Common assessments (SISI, PLCs)

Gaining Traction, Gaining Ground (downloadable here) shares results of a systematic look at high schools with strong records of raising achievement of students who enter school behind. The 2005 report identifies common assessment as a powerful practice with rapid results, illustrated with a North Carolina example:
The 11th-grade English teachers developed the model used by other teams. Beginning with the state standards for their course, they decided what needed to be taught in each unit of study. They agreed on the texts they would use and the skills they would teach for each unit throughout the year. The team also detailed the types of writing assignments students would complete and even developed sample writing prompts. But most important, they developed a common test for each unit.
* * *
After the common assessments are administered, teams of teachers analyze the results to determine what they need to focus on, which teachers seem to have figured out instruction in certain areas, and which teachers are struggling in certain areas. This information about their students’ achievement provides them with information that will inform their instruction and help their students to improve academically.
* * *
The efforts are paying off. Today, the school has more than 90 percent of students meeting state standards, while continuing to have a strong track record accelerating the learning of students who enter ninth grade behind academically.
Those three excerpts pull out the teacher practices and the results. It's also important to say that this level of collaboration built on a strong school culture of trust and was a major priority for an effective, focused principal.

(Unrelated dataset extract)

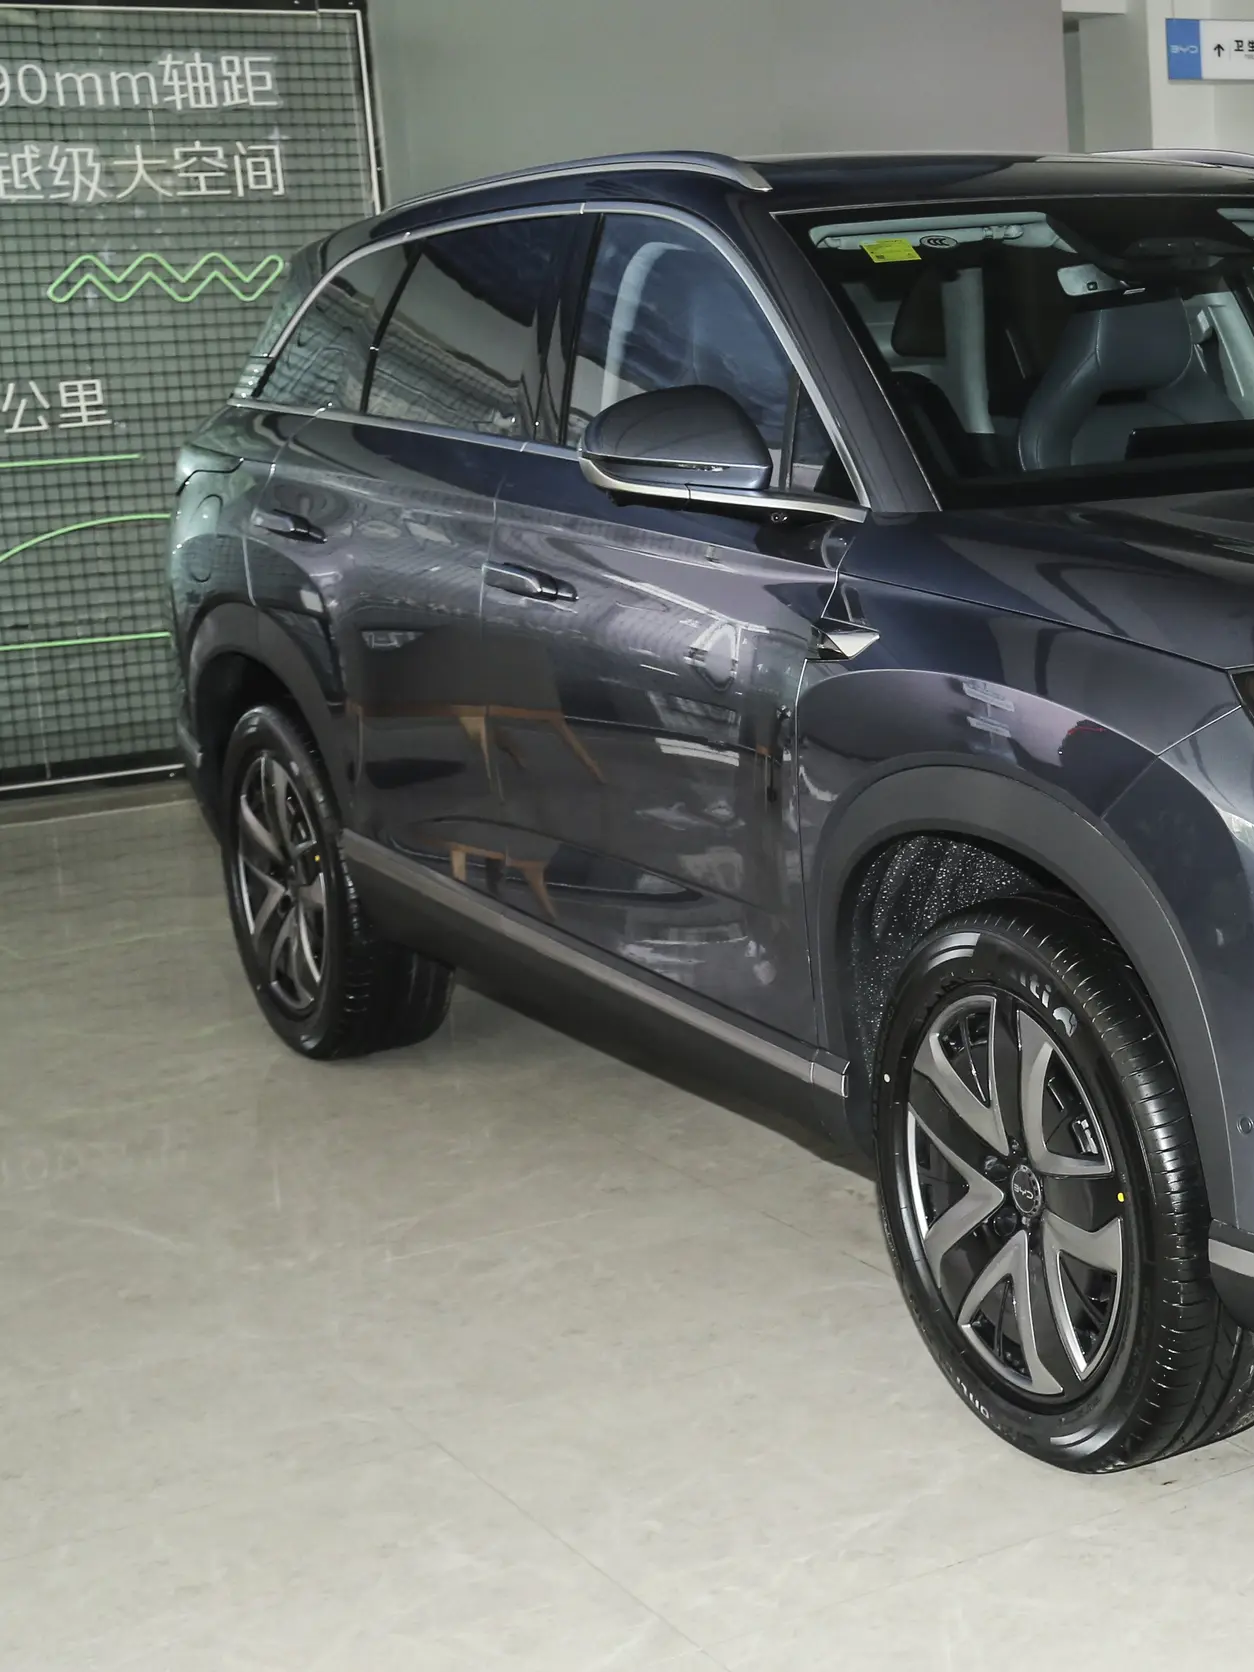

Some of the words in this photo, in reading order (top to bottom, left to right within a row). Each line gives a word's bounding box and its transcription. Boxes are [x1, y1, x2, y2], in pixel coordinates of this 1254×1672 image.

The story starts out as classroom assessment, but in it you can feel curriculum, instruction, culture, professional growth, and leadership, all working together. For fans of Kentucky's Standards and Indicators of School Improvement, that's six of the nine Standards in a single collaborative effort. For folks working to understand and apply the research on professional learning communities, it's a powerful example of the key ideas coming together.

(Earlier posts on professional learning communities (PLCs) are here and here. An explanation of Standards and Indicators (SISI), with a link to the full text, is here.)

6 comments:

  1. Thanks for posting this. I was disappointed there wasn't much information about the differences between high-impact and average impact schools in terms of partnership with the parents.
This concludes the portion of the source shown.